The development of nonpeptide orally active AVP analogues has provided a new tool with which to assess the physiological and pathophysiological role of vasopressin (AVP). We have previously characterised the nonpeptide vasopressin V1 receptor antagonist OPC-21268, and now report the in vitro characterisation of the nonpeptide V2 receptor antagonist OPC-31260 in the rat. OPC-31260 caused a concentration-dependent displacement of the selective AVP V2 receptor antagonist radioligand, [³H]desGly-NH₂⁹[d(CH₂)₅, D-Ile², Ile⁴] AVP from V2 receptors in rat kidney medulla membranes. The concentration of OPC-31260 that displaced 50% of specific AVP binding (IC₅₀) was 20 ± 2 nmol/l for renal V2 receptors.
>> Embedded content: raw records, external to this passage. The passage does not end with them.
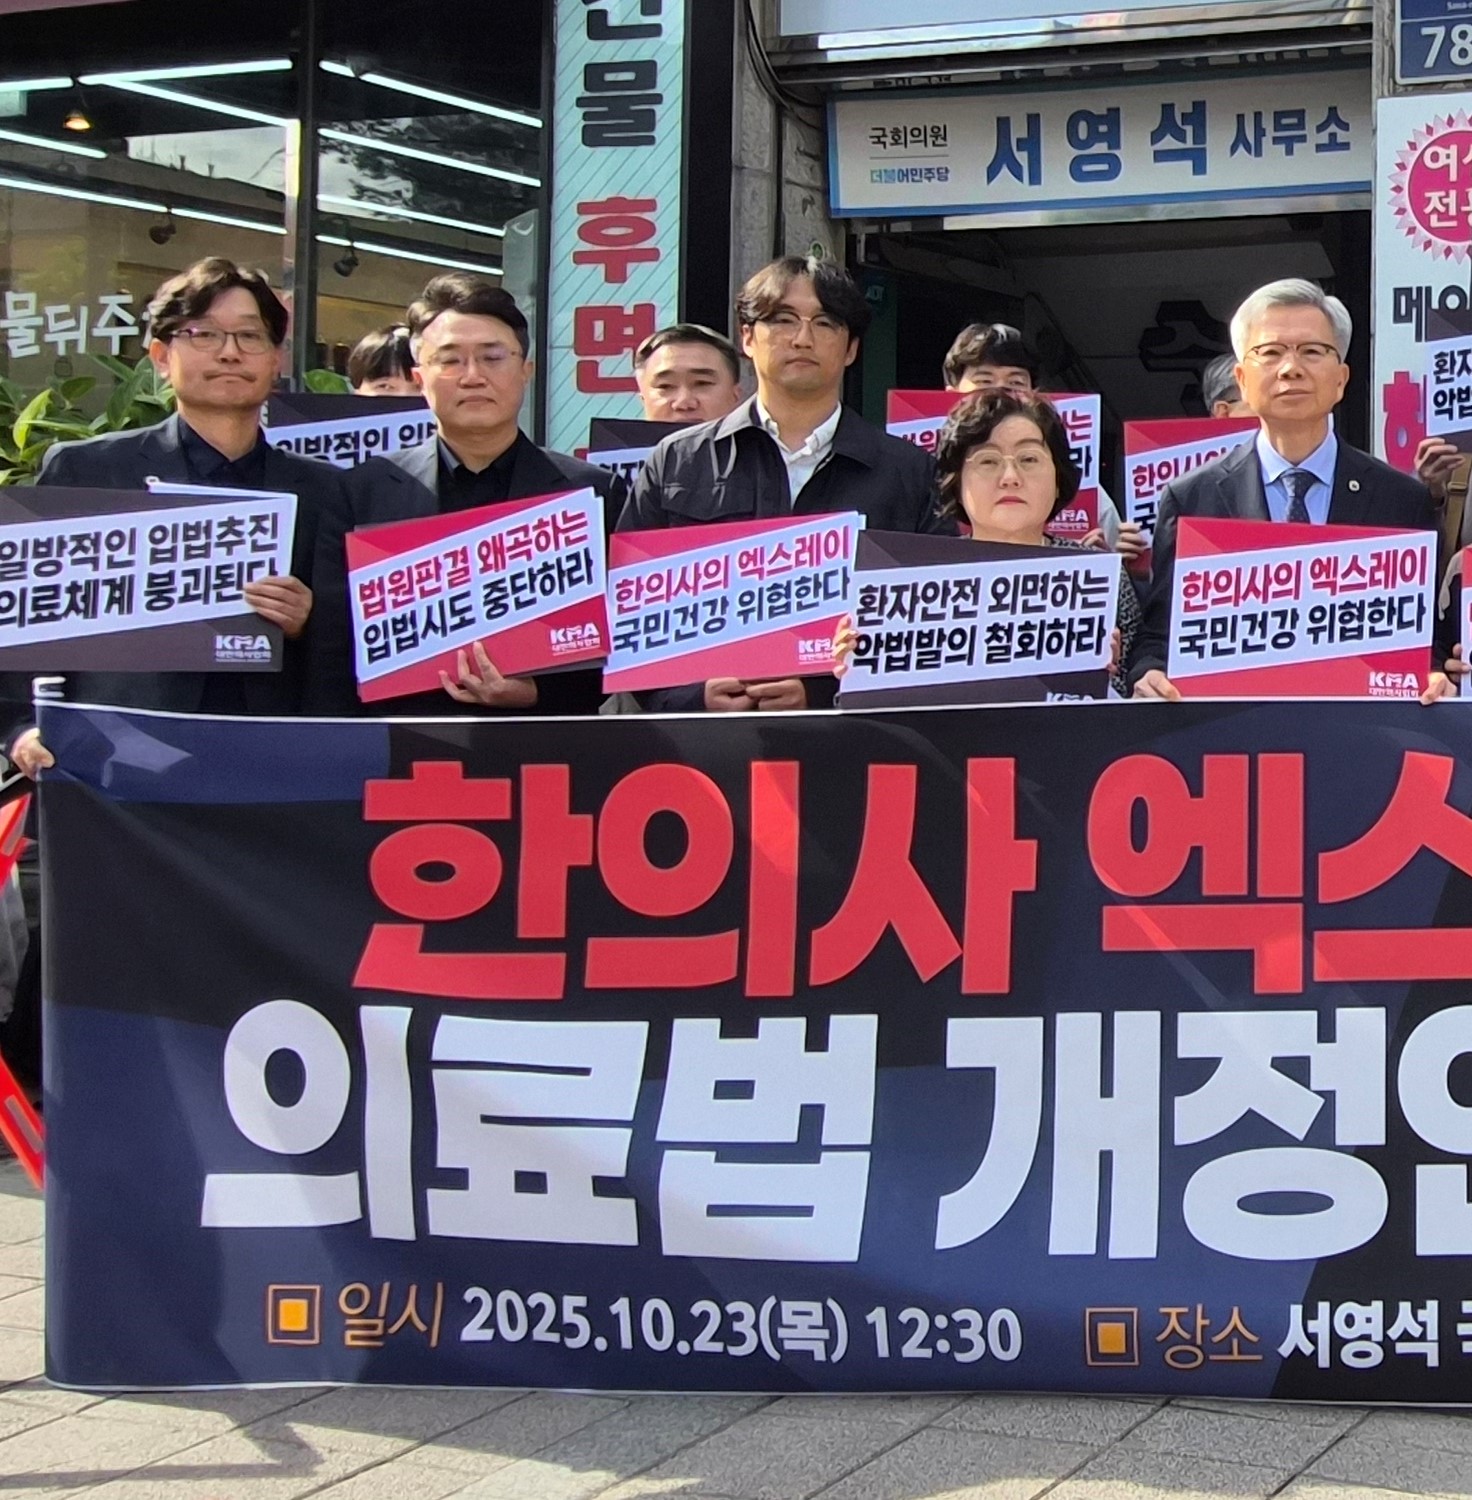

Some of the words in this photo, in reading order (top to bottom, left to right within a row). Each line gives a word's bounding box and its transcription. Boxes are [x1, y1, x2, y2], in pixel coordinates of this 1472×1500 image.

[868, 123, 949, 150] 국회의원
[986, 99, 1208, 187] 서영석
[1230, 104, 1351, 159] 사무소
[869, 165, 950, 185] 더불어민주당
[0, 290, 152, 359] 물뒤주
[573, 196, 661, 393] 후면
[0, 527, 137, 583] 일방적인
[148, 511, 279, 565] 입법추진
[358, 543, 471, 620] 법원판결
[477, 508, 589, 575] 왜곡하는
[615, 554, 730, 617] 한의사의
[737, 524, 850, 581] 엑스레이
[1182, 559, 1302, 613] 한의사의
[1309, 545, 1427, 596] 엑스레이
[0, 573, 136, 629] 의료체계
[361, 600, 477, 665] 입법시도
[482, 546, 593, 622] 중단하라
[550, 622, 600, 645] KMA
[613, 597, 728, 655] 국민건강
[737, 565, 851, 626] 위협한다
[856, 576, 982, 628] 환자안전
[987, 569, 1110, 616] 외면하는
[1178, 607, 1300, 660] 국민건강
[1306, 592, 1427, 645] 위협한다
[216, 634, 272, 650] KMA
[852, 624, 978, 675] 악법발의
[984, 614, 1107, 666] 철회하라
[1369, 671, 1419, 688] KMA
[352, 755, 1039, 1000] 한의사
[200, 998, 879, 1263] 의료법
[337, 1281, 445, 1349] 일시
[460, 1286, 850, 1363] 2025.10.23(목)
[865, 1304, 1024, 1363] 12:30
[1154, 1303, 1264, 1370] 장소
[1276, 1299, 1442, 1369] 서영석
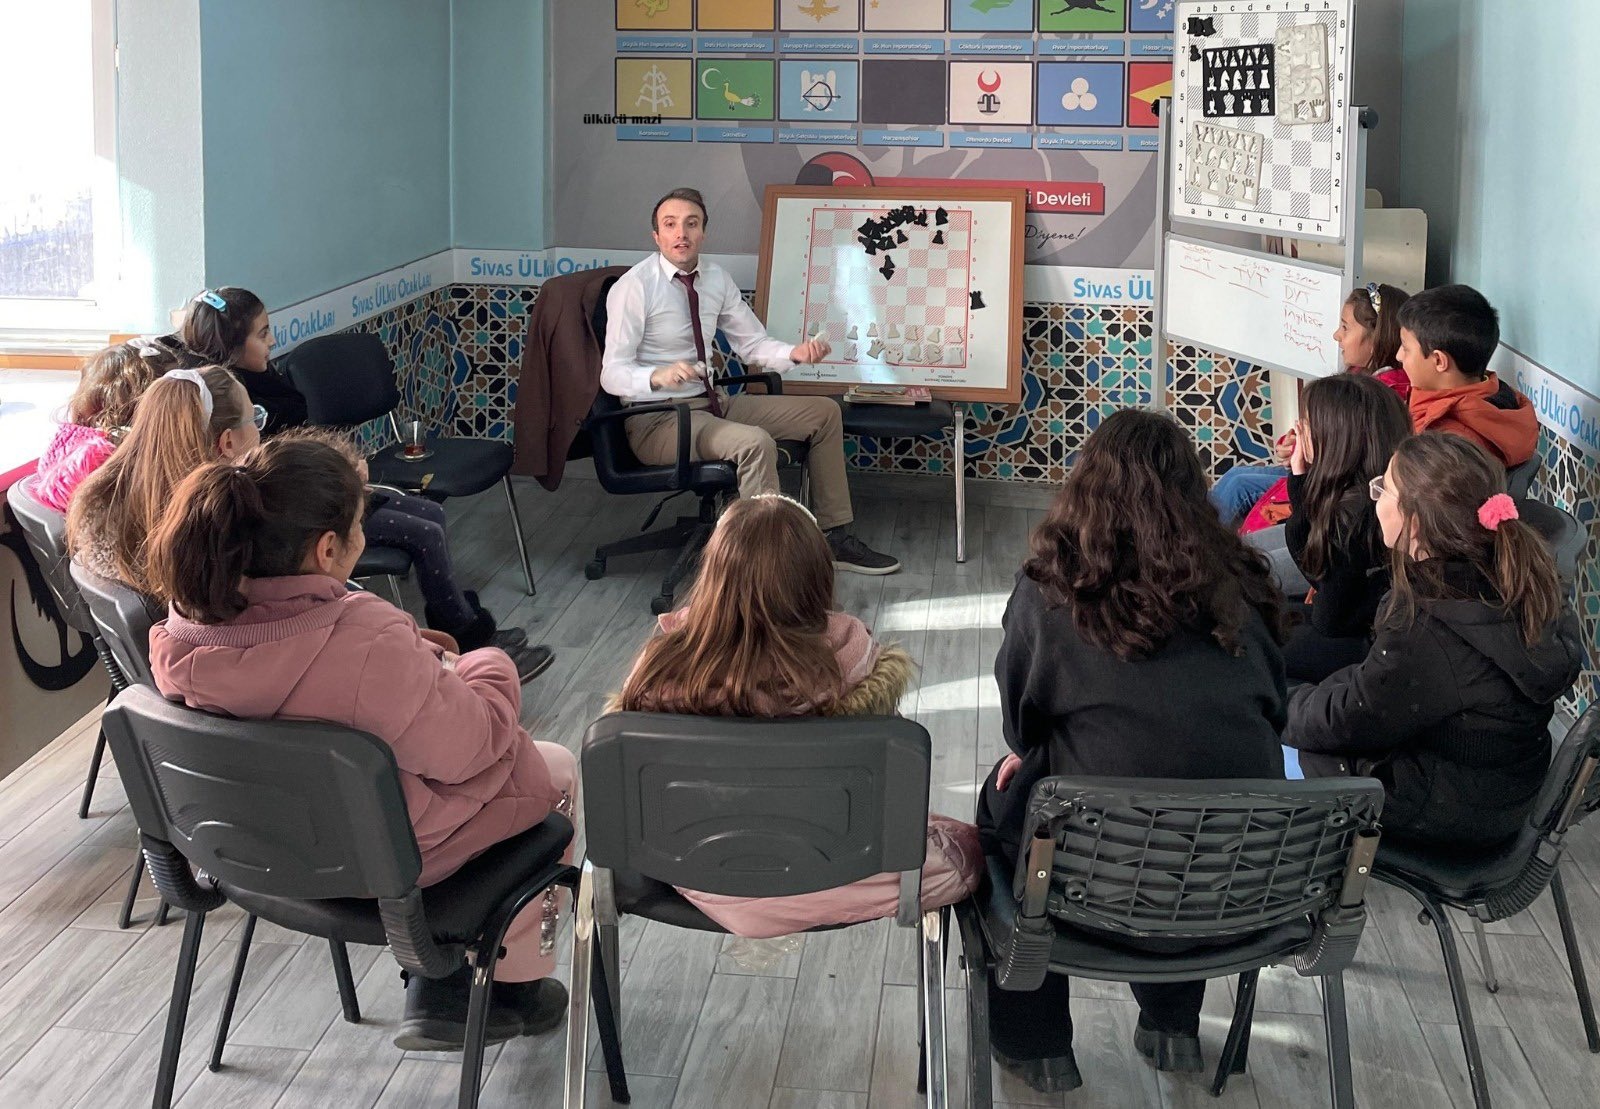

OPC-31260 also caused a concentration-dependent displacement of the selective AVP V1 receptor antagonist radioligand, [¹²⁵I]-[d(CH₂)₅, sarcosine⁷] AVP from V1 receptors in both rat liver and kidney medulla membranes. The IC₅₀ was 500 ± 30 nmol/ 1 for both renal and liver V1 receptors. After oral administration to rats, OPC-31260 was an effective inhibitor of AVP at renal V2 and liver V1 receptors in a time-dependent manner. In vitro binding kinetic studies showed that OPC-31260 was a competitive antagonist at both the renal V2 receptor and the hepatic V1 receptor. OPC-31260 is a nonpeptide, orally effective competitive inhibitor of AVP with a V2: V1 receptor selectivity ratio of 25:1 indicating relative V2 receptor selectivity.